Single by Sloan

from the album One Chord to Another
- Released: 1996
- Genre: Rock, power pop
- Length: 2:17 (Album version) 2:09 (Radio edit)
- Label: murderecords, The Enclave
- Songwriter(s): Patrick Pentland, Sloan

Sloan singles chronology
| "I Hate My Generation" (1994) | "The Good in Everyone" (1996) | "Everything You've Done Wrong" (1996) |

Music video
- "The Good In Everyone" on YouTube

= The Good in Everyone =

"The Good in Everyone" is a song by Canadian rock band Sloan. It was released as the lead single from the band's third studio album, One Chord to Another. The song peaked at #9 on Canada's Singles Chart, and continues to be one of the band's most popular songs.

The song is featured on the first edition of MuchMusic's Big Shiny Tunes compilation series and was also the theme for the CBC television program George Stroumboulopoulos Tonight.

==Background==
There are two versions of "The Good in Everyone"; the album version and the radio version. The album version begins with Neil "Brother Bill" Morrison (a DJ at Toronto's CFNY-FM radio station) saying "Would you please welcome to the stage...Sloan!", with screams from fans included. The introduction is from a recording of Sloan's concert at the Molson Amphitheatre on August 5, 1995.

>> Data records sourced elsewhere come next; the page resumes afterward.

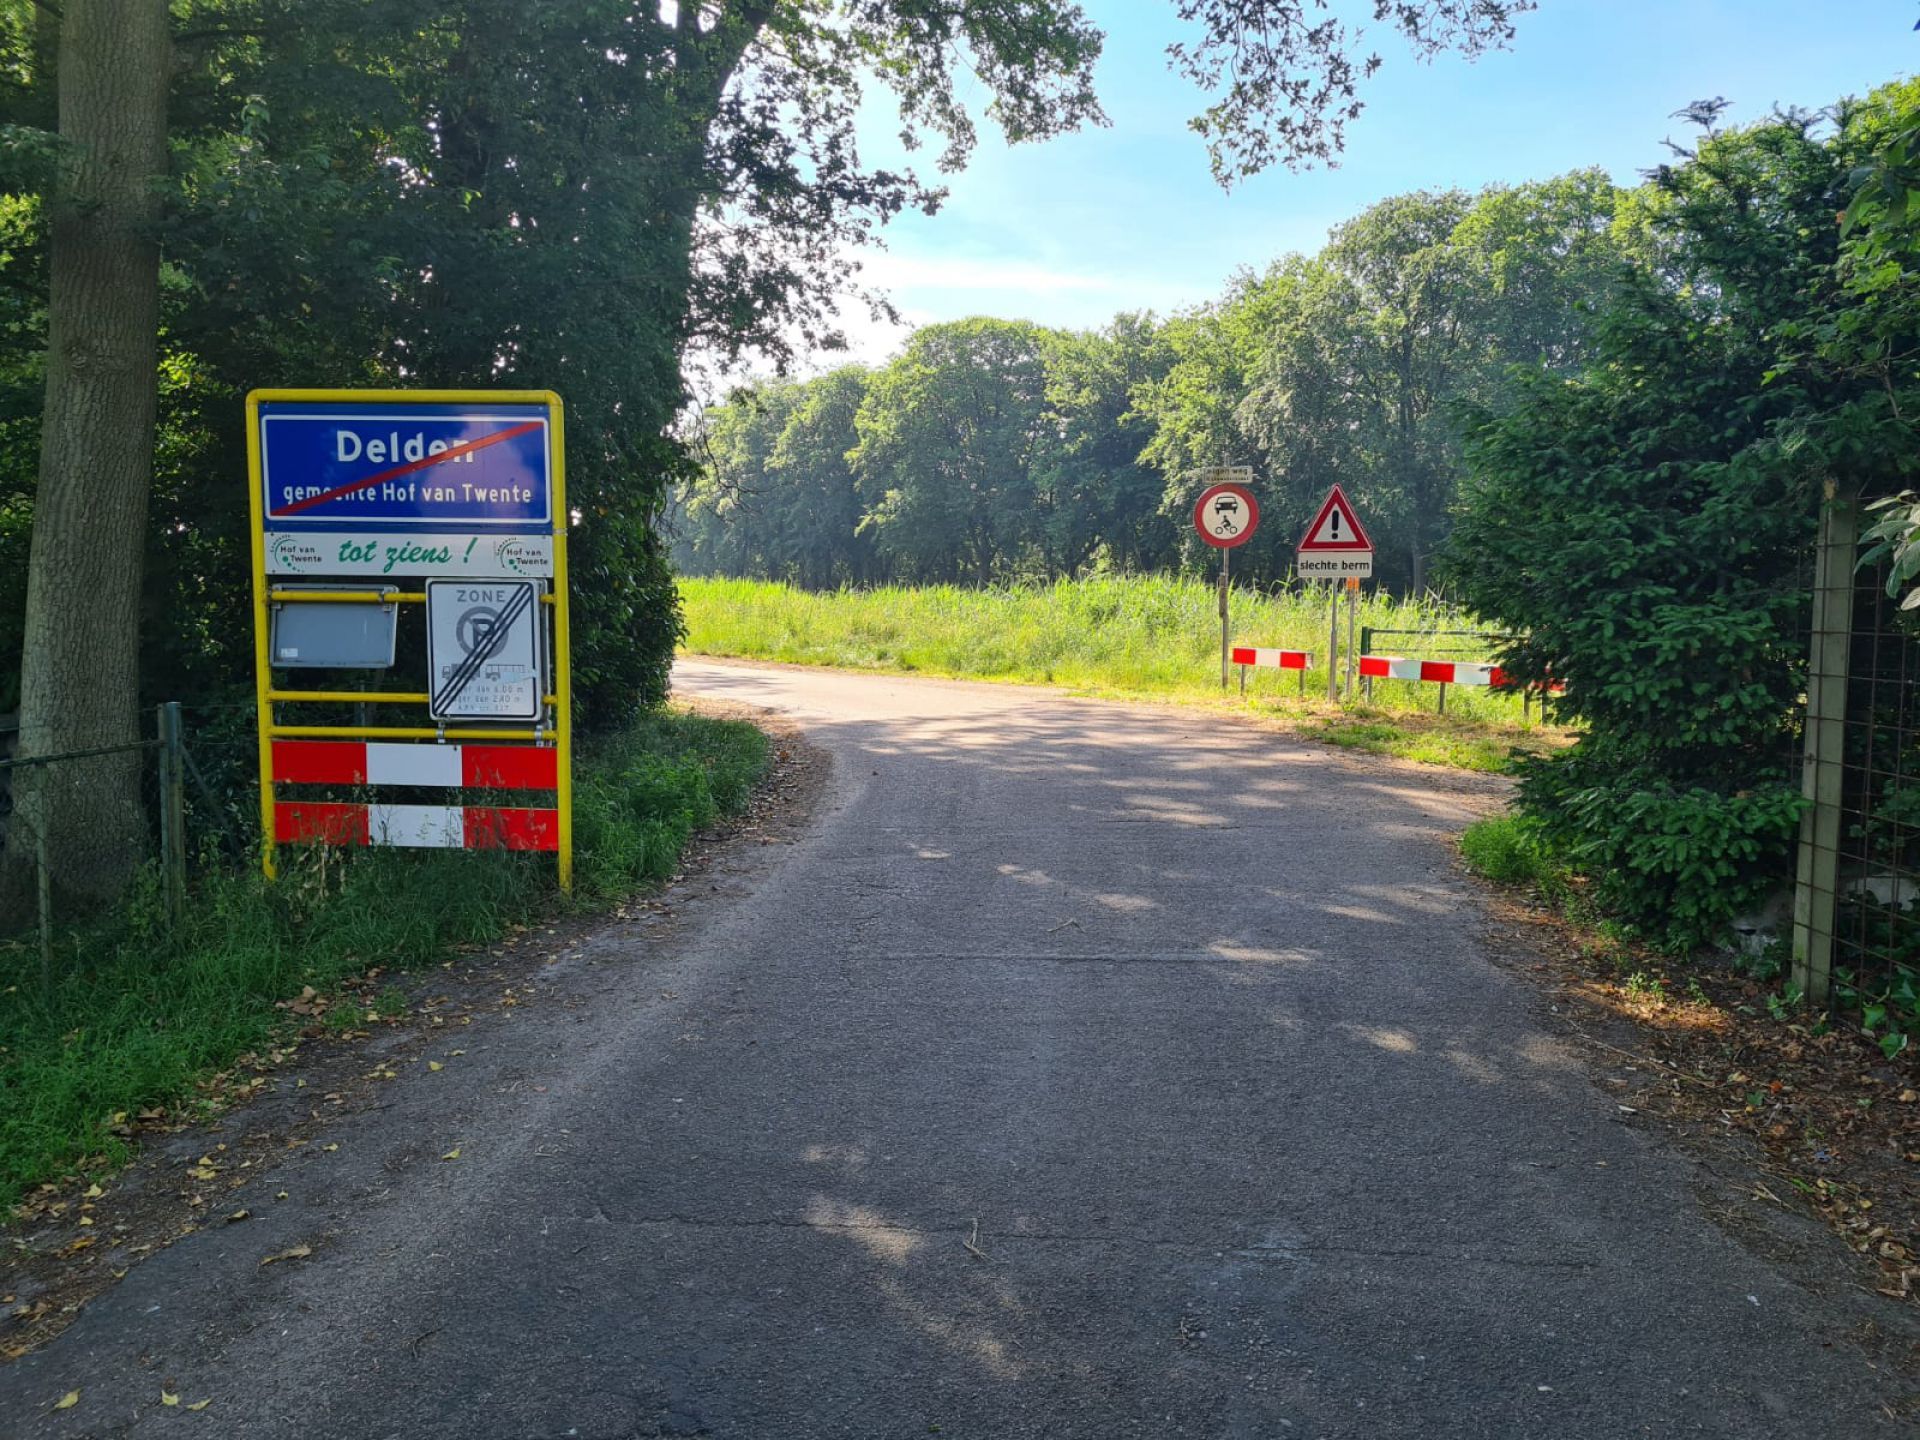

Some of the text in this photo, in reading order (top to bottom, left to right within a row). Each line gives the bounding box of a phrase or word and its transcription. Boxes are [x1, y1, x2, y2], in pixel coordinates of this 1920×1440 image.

[336, 430, 474, 463] Delden
[283, 482, 531, 505] gemnte Hof van Twente
[338, 540, 377, 562] tot
[383, 541, 452, 574] ziens
[463, 537, 478, 563] !
[507, 548, 522, 556] Hof
[516, 557, 548, 565] Twente
[1300, 560, 1370, 570] slechte berm
[456, 589, 506, 603] ZONE
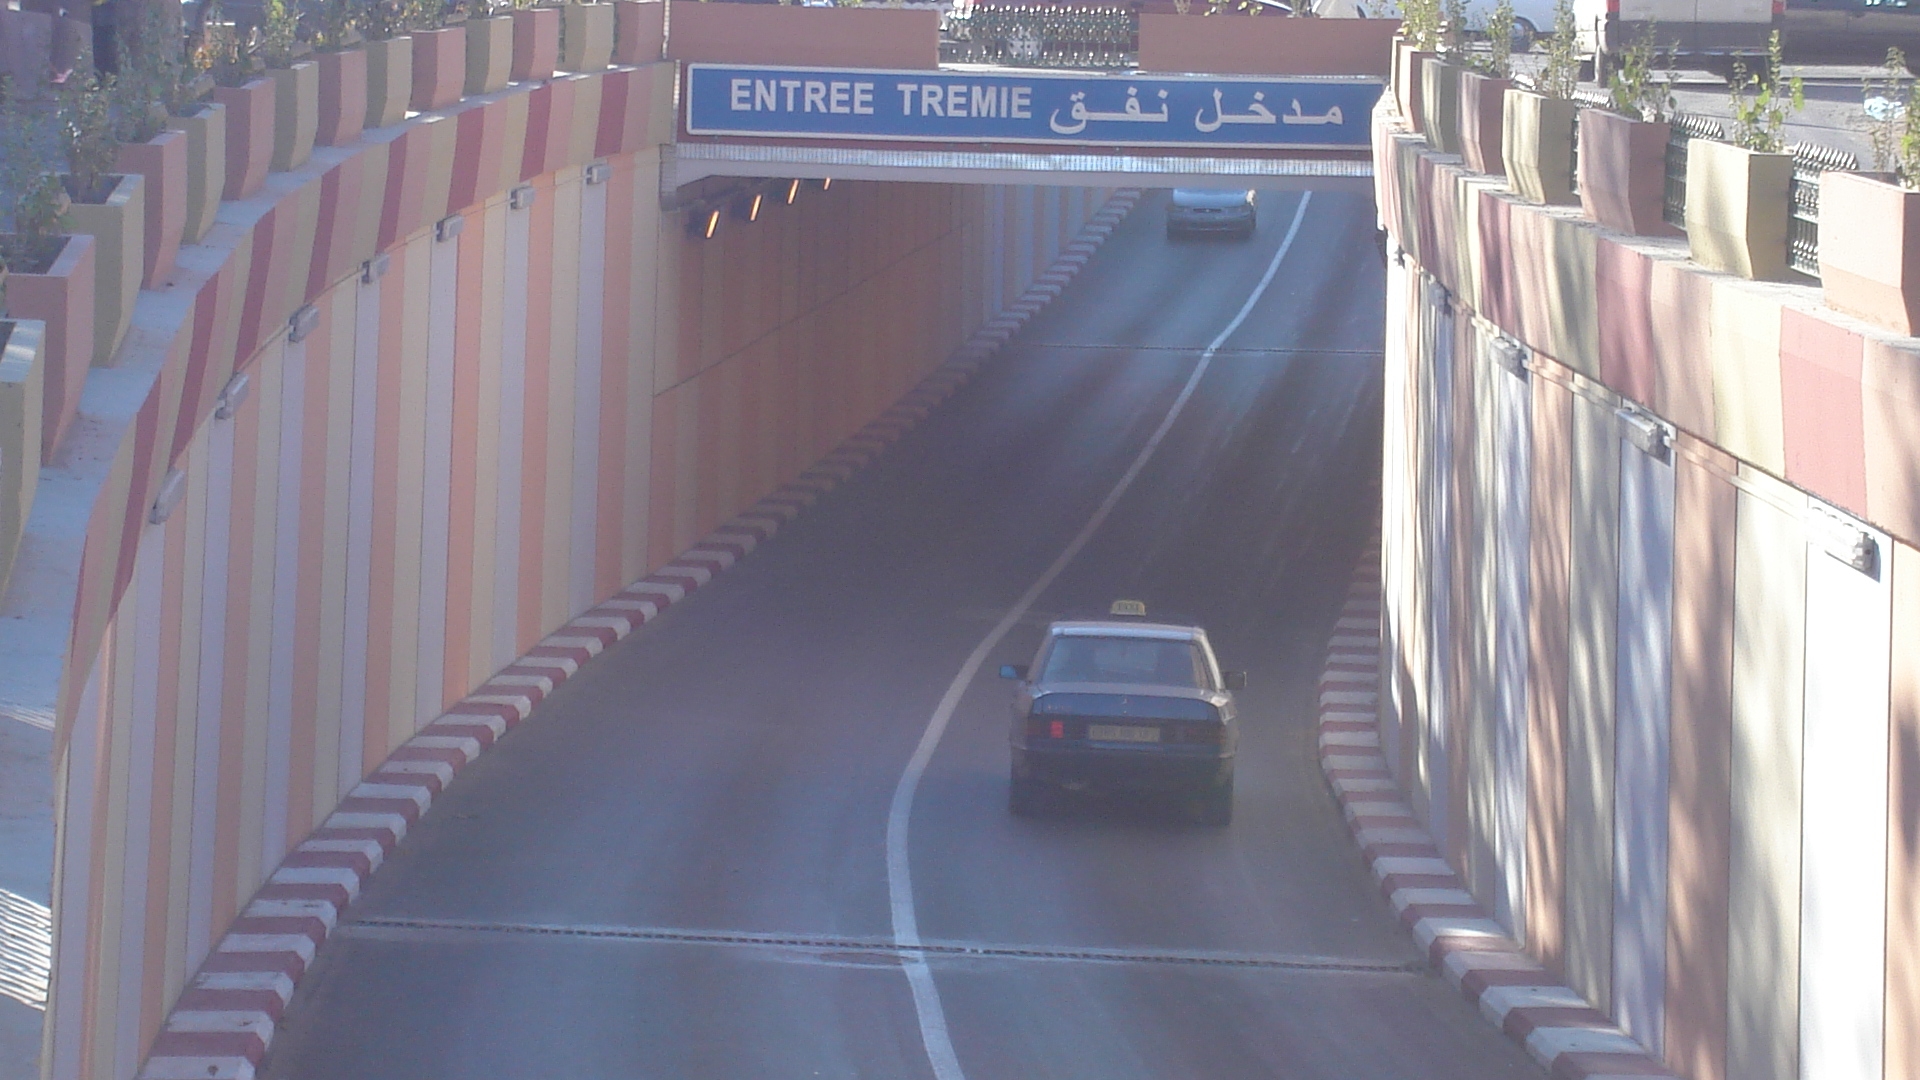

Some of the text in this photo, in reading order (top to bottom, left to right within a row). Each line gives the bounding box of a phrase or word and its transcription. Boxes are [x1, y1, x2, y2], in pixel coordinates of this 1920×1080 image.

[730, 79, 1032, 118] ENTREE TREMIE
[1049, 87, 1345, 134] مدخل نفق

The album version ends with more fan screams from the concert recording. The radio version removes the introduction of the band and the fan screams and features two additional singings of the chorus at the end of the song.

Songwriter Patrick Pentland says the song's opening was inspired by "New Rose" by The Damned.

==Music video==
The music video for "The Good In Everyone" was filmed at Toronto Pearson International Airport (on Convair Drive at the southwest end of runway 06L/24R at ) and directed by Mike Andringa, who would later direct several more music videos for Sloan. The video's introductory scene is a spoof of the 1969 film, Easy Rider. In the scene, each band member plays a character from the film, with Andrew Scott playing Billy (Dennis Hopper), Chris Murphy playing Wyatt (Peter Fonda), Jay Ferguson playing Connection (Phil Spector) and Patrick Pentland playing the Bodyguard. The entire introductory scene before the music begins is longer than the song itself.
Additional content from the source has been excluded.